TASK DETAILS =
Locate "Some of the text" in the data below, then output the line it is on and all following lines through the last, word for word. Skip any pictures.

Free-text object descriptions =
* * * * * * * * *

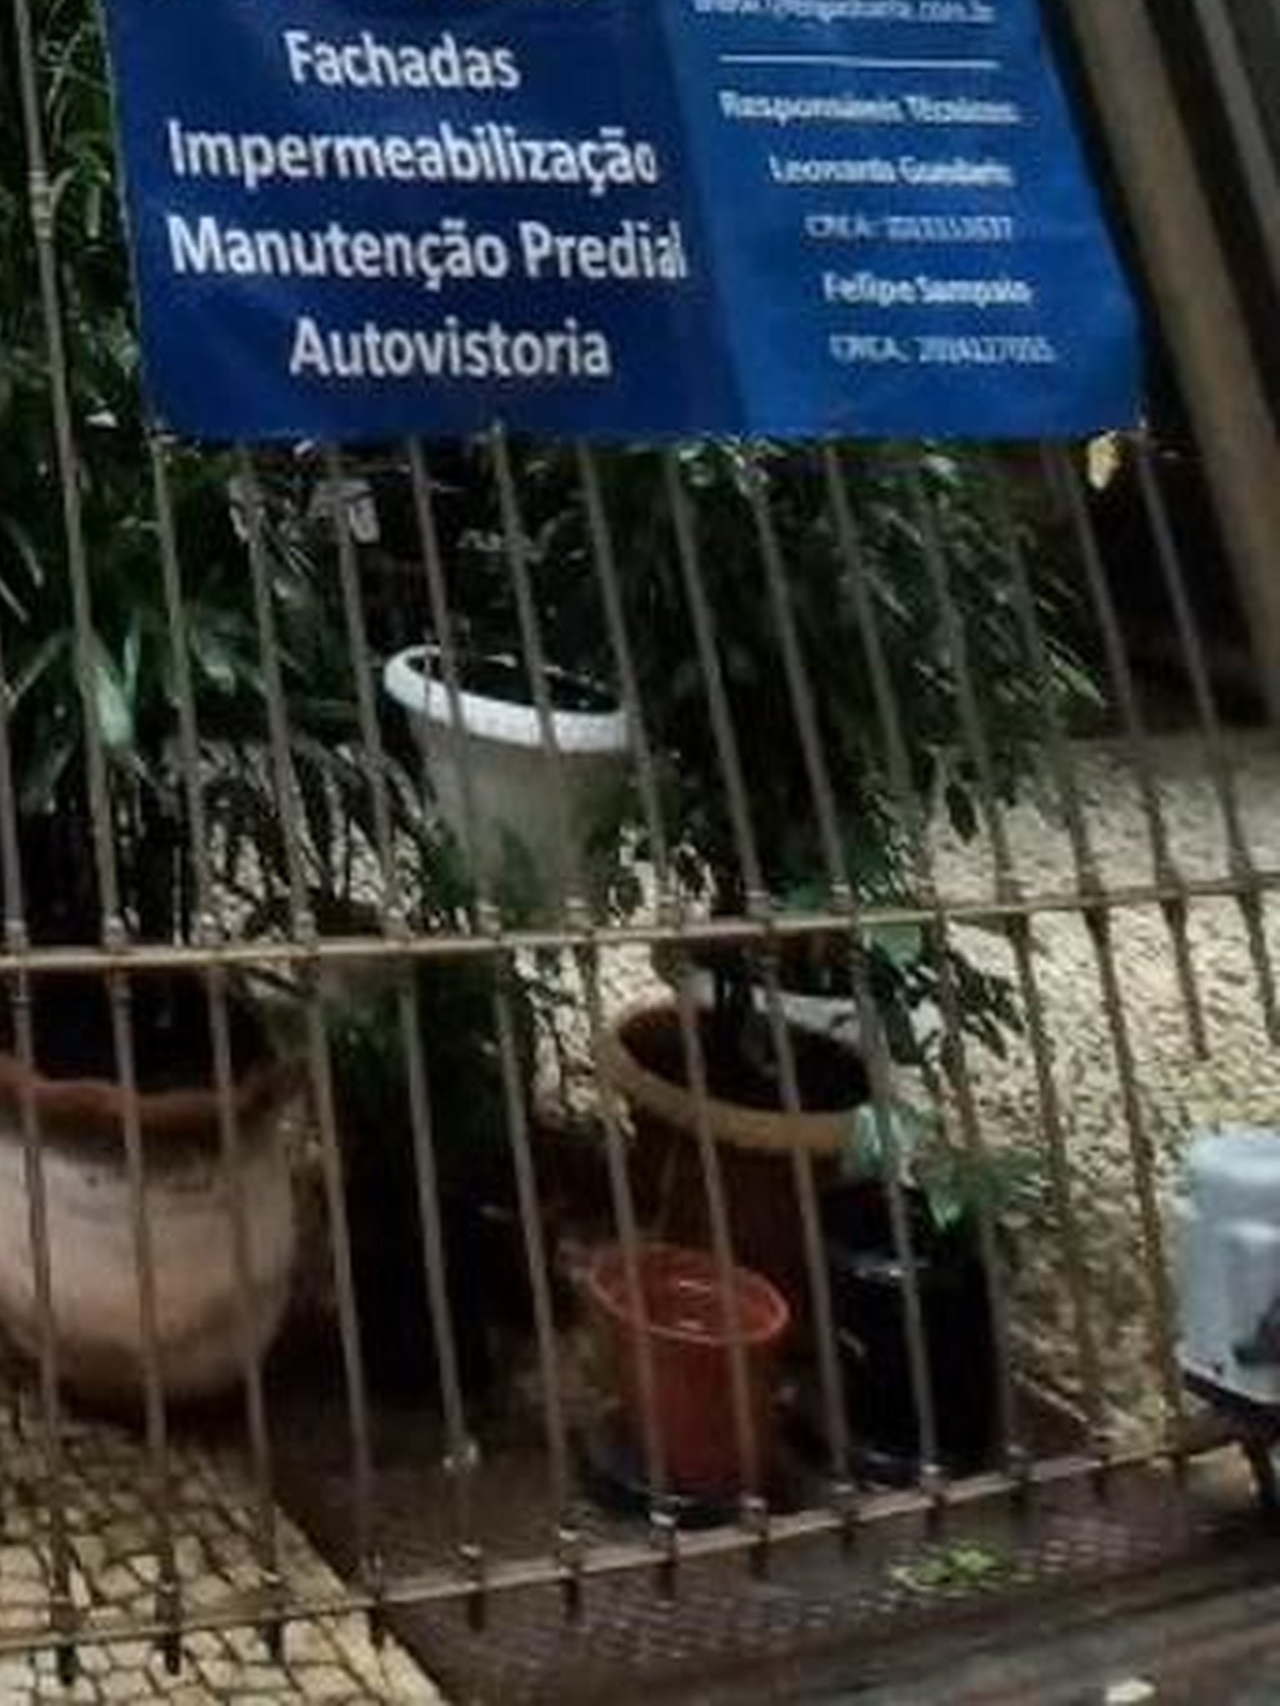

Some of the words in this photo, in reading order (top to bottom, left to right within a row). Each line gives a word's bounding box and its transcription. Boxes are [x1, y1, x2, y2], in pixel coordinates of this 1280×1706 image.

[284, 30, 521, 89] Fachadas
[167, 117, 659, 197] Impermeabilização
[166, 214, 508, 290] Manutenção
[518, 219, 689, 281] Predial
[289, 315, 613, 379] Autovistoria
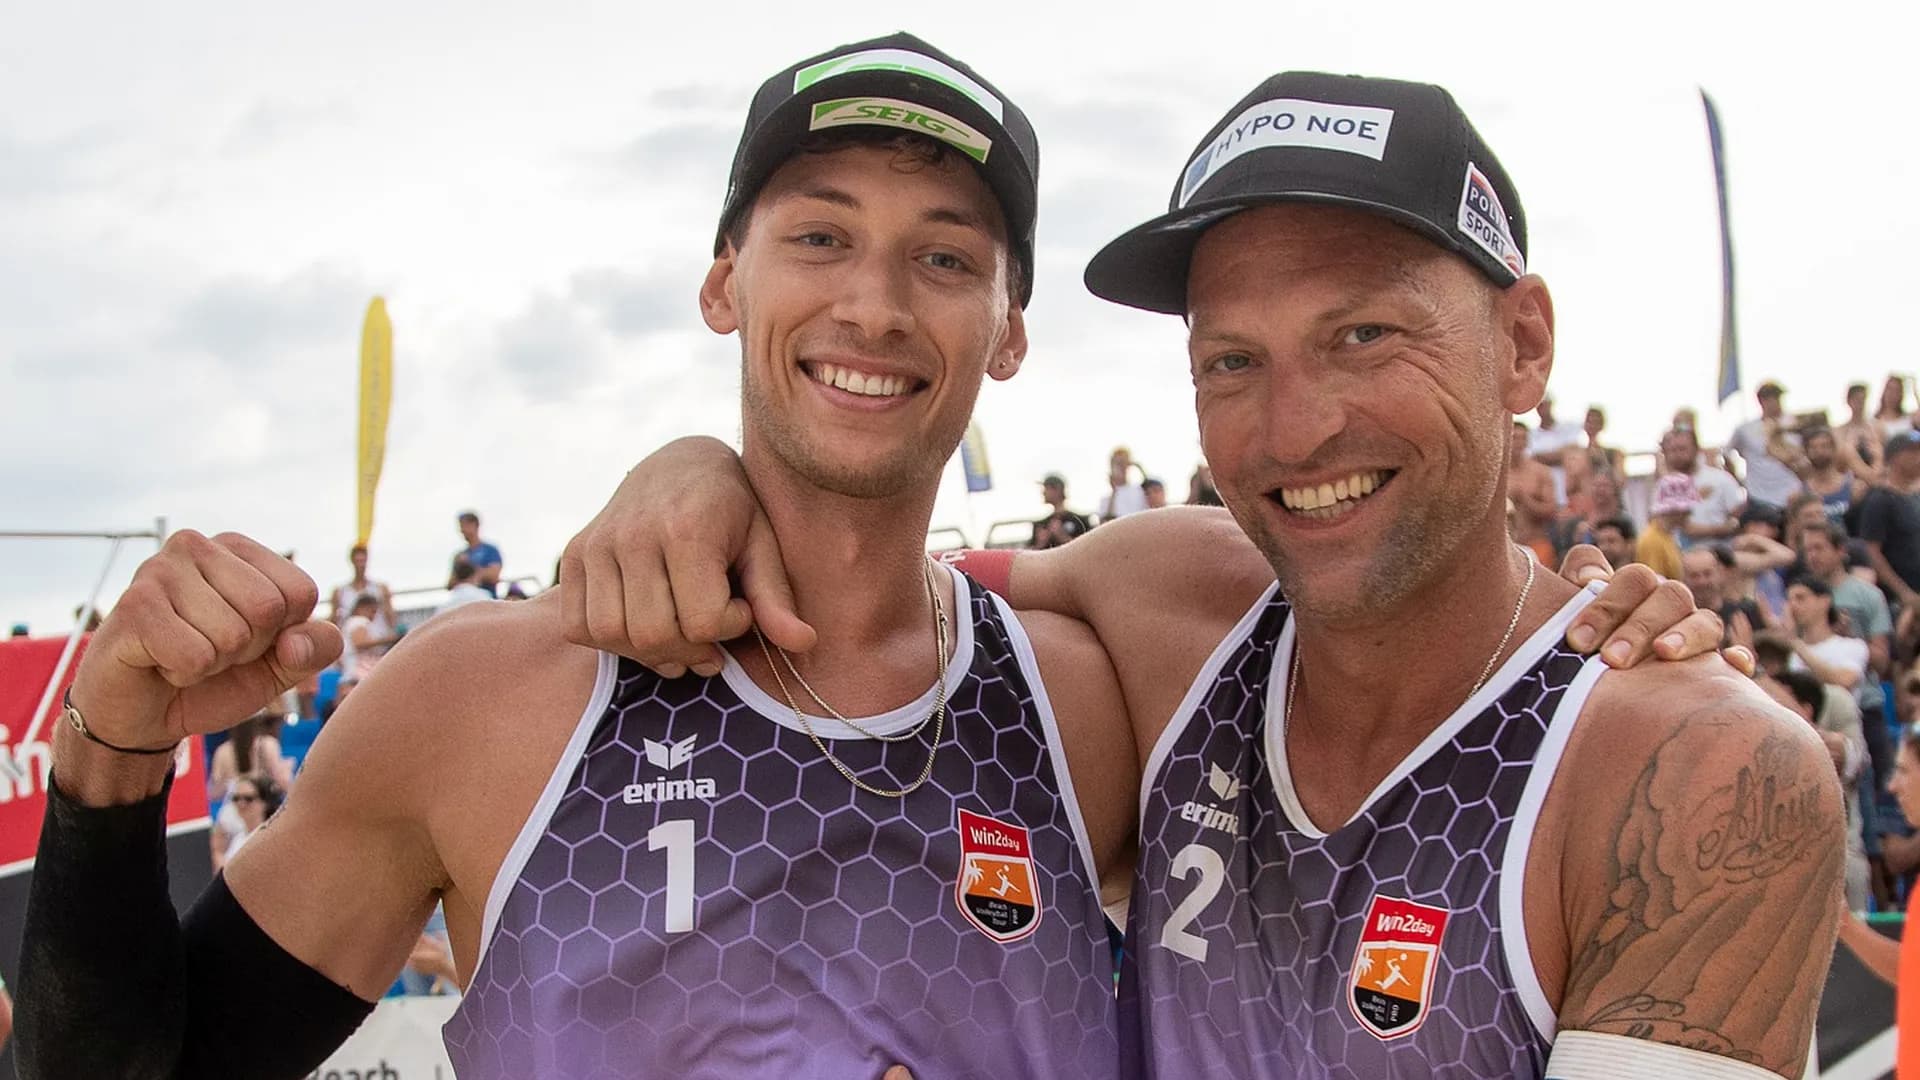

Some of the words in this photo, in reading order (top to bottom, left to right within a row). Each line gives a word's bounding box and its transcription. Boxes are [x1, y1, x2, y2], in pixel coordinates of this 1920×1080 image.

[1215, 112, 1295, 158] HYPO
[1307, 115, 1379, 141] NOE
[1466, 212, 1506, 256] SPORT
[623, 776, 716, 804] erima
[969, 825, 1020, 851] Win2day
[648, 819, 695, 933] 1
[1160, 843, 1225, 963] 2
[308, 1060, 399, 1080] each
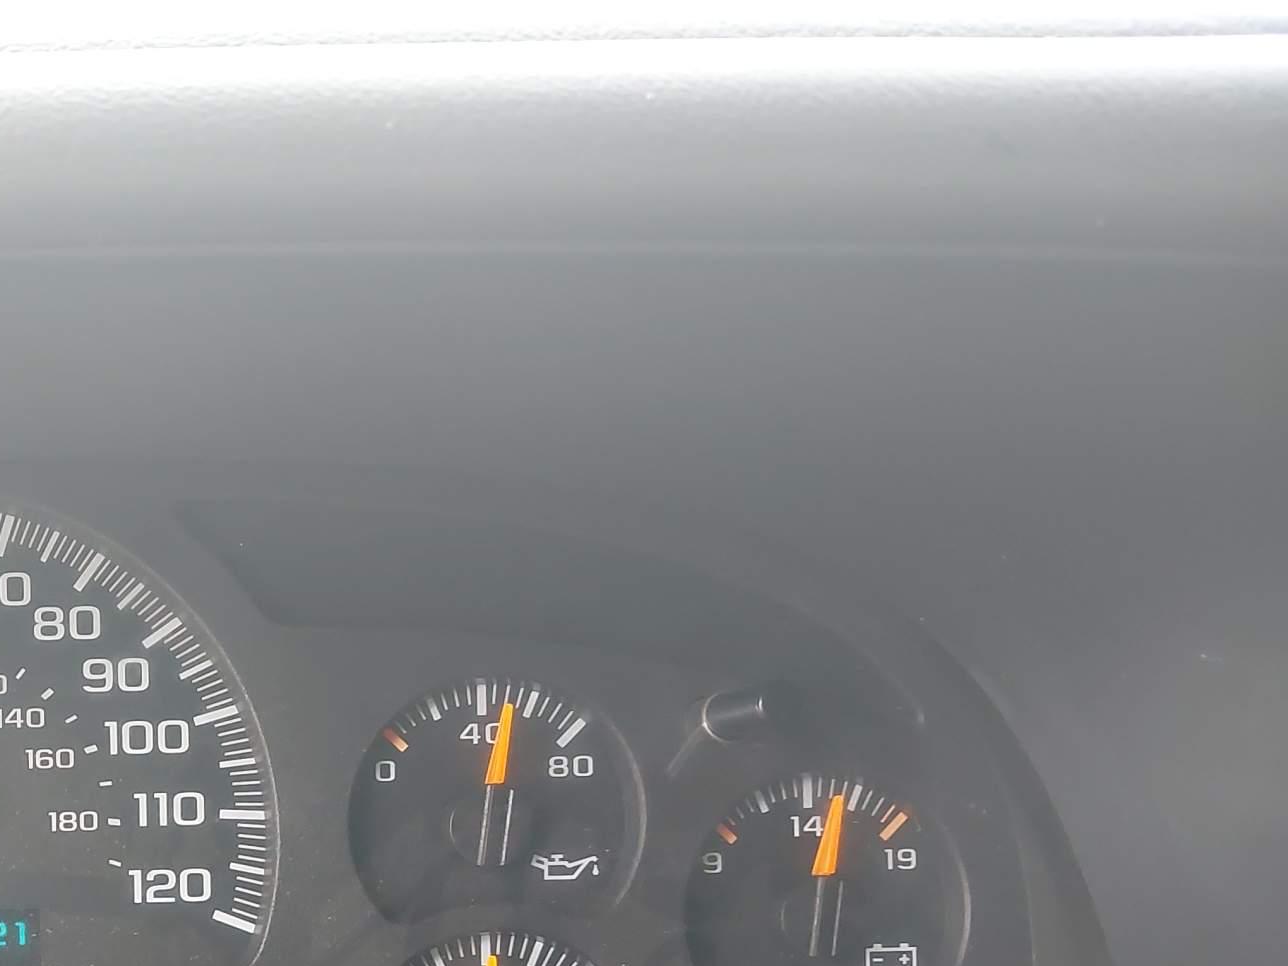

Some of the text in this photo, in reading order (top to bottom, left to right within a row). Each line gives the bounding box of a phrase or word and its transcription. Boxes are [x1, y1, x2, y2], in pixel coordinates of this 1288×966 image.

[34, 606, 101, 641] 80
[83, 658, 150, 693] 90
[105, 720, 190, 755] 100
[459, 723, 502, 744] 40
[26, 749, 75, 770] 160
[549, 756, 594, 777] 80
[375, 761, 396, 782] 0
[134, 792, 205, 827] 110
[48, 811, 98, 832] 180
[791, 816, 824, 837] 14
[703, 853, 723, 874] 9
[884, 848, 917, 870] 19
[128, 869, 212, 904] 120
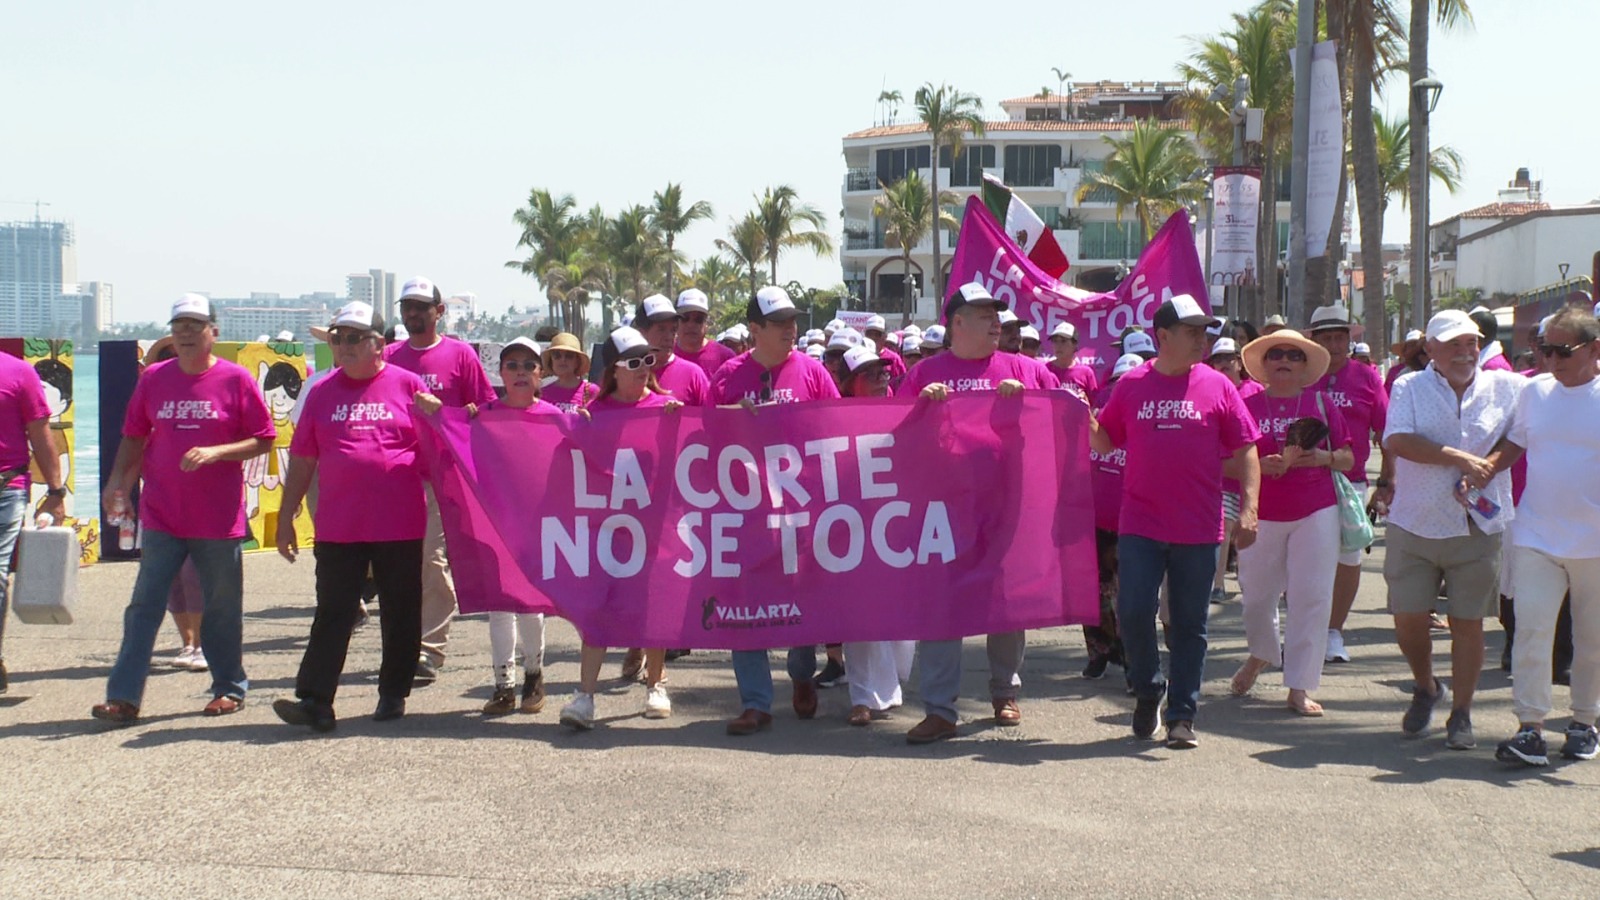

* * * * * * * * *

RESULT =
Some of the text in this photo, in reading order (top to bottom, left to right within a row). Each line gives the bounding box of a phrase or word and its transcription. Boxes are [x1, y1, x2, y2], in pixel coordinates of this 1288×966 image.

[34, 606, 101, 641] 80
[83, 658, 150, 693] 90
[105, 720, 190, 755] 100
[459, 723, 502, 744] 40
[26, 749, 75, 770] 160
[549, 756, 594, 777] 80
[375, 761, 396, 782] 0
[134, 792, 205, 827] 110
[48, 811, 98, 832] 180
[791, 816, 824, 837] 14
[703, 853, 723, 874] 9
[884, 848, 917, 870] 19
[128, 869, 212, 904] 120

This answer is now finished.